I am trying to write a go program that will check if a file is being edited in a editor like atom with unsaved changes. I can’t figure out how to detect that. Any ideas?

Hey @kwtucker, I haven’t personally tried this before, but I’m thinking that you could loop on a specified interval of time and check if a file’s last access time is less than it’s last modified time, and if on any iteration it’s different, there’s probably unsaved changes.

I’m sure you could do other things along those lines but I would probably start trying something like that… Don’t know if there’s a much easier way since there probably is.

1 Like

I am currently reading the file, but I need to write to the file. If the file is being edited while I write to the file, and the unsaved changes are saved it undos what I just wrote. The unsaved changes are ahead of my write in a buffer. I want to check if that buffer exists and skip it until a on save event. Some how…
Thank you for replying so fast.

1 Like

Maybe you can check the above that I mentioned and if at a specific stage it’s safe to write, lock the file, see https://en.wikipedia.org/wiki/File_locking, then defer to unlock the file so the other process can write afterwards? Once again there is probably a better solution :stuck_out_tongue:, just thinking off the top of my head here.

Yeah, I thought about locking the file and unlocking it after. The program is really fast, so I don’t think it wouldn’t cause a long delay. I really want to find that hidden .swp buffer.
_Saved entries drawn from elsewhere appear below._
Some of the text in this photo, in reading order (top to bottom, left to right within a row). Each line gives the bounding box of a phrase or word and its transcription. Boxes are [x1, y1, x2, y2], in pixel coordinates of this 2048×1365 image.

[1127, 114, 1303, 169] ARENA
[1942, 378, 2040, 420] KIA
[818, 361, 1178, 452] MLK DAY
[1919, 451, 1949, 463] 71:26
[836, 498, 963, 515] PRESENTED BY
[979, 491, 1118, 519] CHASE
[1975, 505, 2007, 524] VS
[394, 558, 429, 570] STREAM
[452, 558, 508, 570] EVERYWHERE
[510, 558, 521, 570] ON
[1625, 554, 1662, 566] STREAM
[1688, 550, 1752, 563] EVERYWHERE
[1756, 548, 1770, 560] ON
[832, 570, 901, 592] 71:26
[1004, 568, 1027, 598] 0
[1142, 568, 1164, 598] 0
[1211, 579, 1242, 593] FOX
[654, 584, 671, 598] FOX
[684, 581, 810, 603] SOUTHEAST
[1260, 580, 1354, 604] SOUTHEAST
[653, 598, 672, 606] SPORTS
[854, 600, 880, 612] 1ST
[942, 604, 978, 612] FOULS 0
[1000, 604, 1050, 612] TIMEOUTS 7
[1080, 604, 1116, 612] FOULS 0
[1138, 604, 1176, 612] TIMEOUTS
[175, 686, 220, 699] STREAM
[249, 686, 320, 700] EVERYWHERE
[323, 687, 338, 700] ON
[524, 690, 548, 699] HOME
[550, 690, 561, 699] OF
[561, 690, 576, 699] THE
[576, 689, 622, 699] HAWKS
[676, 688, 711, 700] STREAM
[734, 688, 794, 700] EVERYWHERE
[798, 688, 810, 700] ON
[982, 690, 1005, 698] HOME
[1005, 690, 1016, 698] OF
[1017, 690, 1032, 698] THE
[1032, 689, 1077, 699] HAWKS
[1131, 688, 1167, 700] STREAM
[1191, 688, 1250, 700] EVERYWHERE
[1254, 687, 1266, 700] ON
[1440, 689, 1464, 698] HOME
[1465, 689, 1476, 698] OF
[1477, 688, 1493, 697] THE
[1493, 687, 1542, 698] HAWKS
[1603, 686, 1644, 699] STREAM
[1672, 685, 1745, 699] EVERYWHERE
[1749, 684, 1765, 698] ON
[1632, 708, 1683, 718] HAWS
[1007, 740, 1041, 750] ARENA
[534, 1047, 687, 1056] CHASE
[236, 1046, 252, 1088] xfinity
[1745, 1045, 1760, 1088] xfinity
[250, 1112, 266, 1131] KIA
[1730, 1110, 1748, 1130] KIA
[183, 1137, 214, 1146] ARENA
If you are working somewhere where there are .swp files, you could probably just find all files in the folder containing the file and check if a .swp file exists (in a loop every specified interval of time) and if not, lock the file, write, then continue. Probably don’t even need the locking.

https://golang.org/pkg/os/#FileMode
I looked at the os file stat function and it returns a interface of functions that you can use the Mode() and the return is a group of const that have a ModeTemporary? You think this is a good option? Never used stat before.

Sorry when I said stat I meant to list the files in the directory. Was typing faster than I was thinking. You could use something like ioutil.ReadDir: https://golang.org/pkg/io/ioutil/#ReadDir.

Edit: Although checking what you said from stat (ModeTemporary) could be actually useful too I’m sure.

I should really just mention here as well that I’m no expert so take anything I say with a grain of salt.

Some other people on this forum will probably give you much better and more concise answers than I’m giving you.

I’m just trying to help by thinking about what I would start off trying in your situation :slight_smile:

1 Like

I really appreciate you trying and helping, we are learning together. Thank you. I am going to try the things we talked about.

1 Like

I love trying to figure out things that I’ve never tried before and also love helping people out here when I’m able to, so anytime I can help you or somebody else I definitely will :smiley:

This topic was automatically closed 90 days after the last reply. New replies are no longer allowed.